Thirty-Third Sunday in Ordinary Time

In reflecting on today’s Scriptures the quote from the 1994 Movie The Shawshank Redemption came to mind, “Get busy living or get busy dying.”

St. Paul admonishes the people who are “busy” criticizing or judging others, when they should be “busy” performing good works, whatever they might be, with as much joy and goodwill as possible.  Because one’s joy will contribute to the overall enjoyment of others.

I heard a story this week about Mike the Mailman.  Mike the Mailman’s philosophy was that everyone should leave his Post Office line better than when they came in.  Imagine that!

Mike the Mailman had as his motto, “If you cannot say something nice about someone, you are just not looking hard enough.”  Whoa!

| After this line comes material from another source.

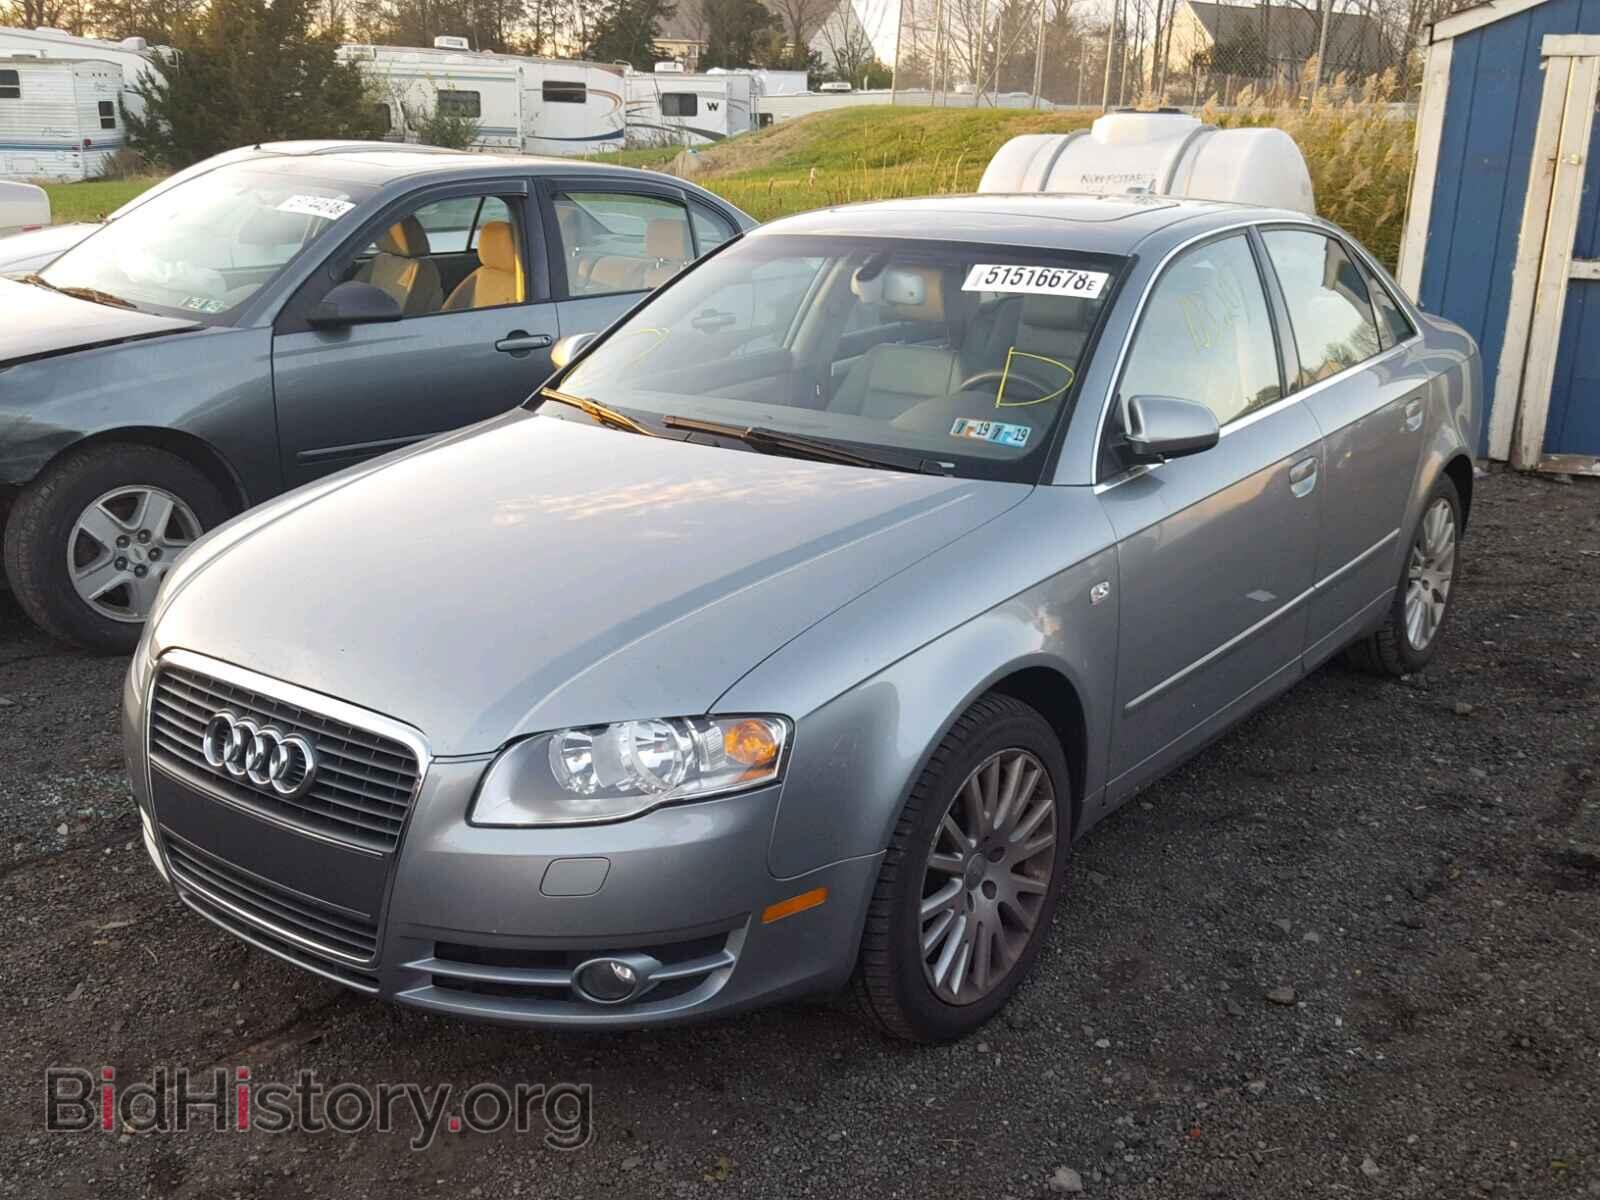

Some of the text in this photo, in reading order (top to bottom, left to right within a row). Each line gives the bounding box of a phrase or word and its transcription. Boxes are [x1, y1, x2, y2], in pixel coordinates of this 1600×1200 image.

In life we can get all caught up with what is wrong and negative.

  • My health is bad, it is getting worse.
  • The end of the world must be coming now – look at the election.

Rather, than wait for one’s education to end, or the kids to grow up, or the career to be fulfilled, or to find the perfect mate for us, or for our child to grow up to be President… Maybe we need seize upon the small practices like Mike the Mailman that make a big difference.  As a matter of fact one person shared that she would got to the Post Office to buy stamps, even when she did not need them, just to share in the energy of Mike the Mailman’s feel good personality.

You and I are in Church this morning for any number of reasons, but hopefully one of them is that God will break into our world and make things right.  But maybe for this to really happen, WE have to ALLOW God to break into us.

To break into our studies, labors, conversations, relationships, attitudes, biases, prejudices, and most especially our ability to be of service.

Allowing God’s Spirit to break into us, over us, and through us might just allow God to enter our world moment by moment, rather then in one big moment sometime in the future.

One theologian has written:

“Do all the good you can;  by all the means you can;  in all the ways you can;  in all the places you can;  at all the times you can;  to all the people you can;  as long as ever you can.”

This might well be a very good use of our time as we wait for whatever it is that we wait for.

Oh by the way, today is World Kindness Day.  Be kind today, for sure, but be kinder and kinder tomorrow and every day thereafter.

And we may be surprised to discover that it was all the small acts of kindness and goodness, of caring and sharing we did along the way of life, that has made all the difference.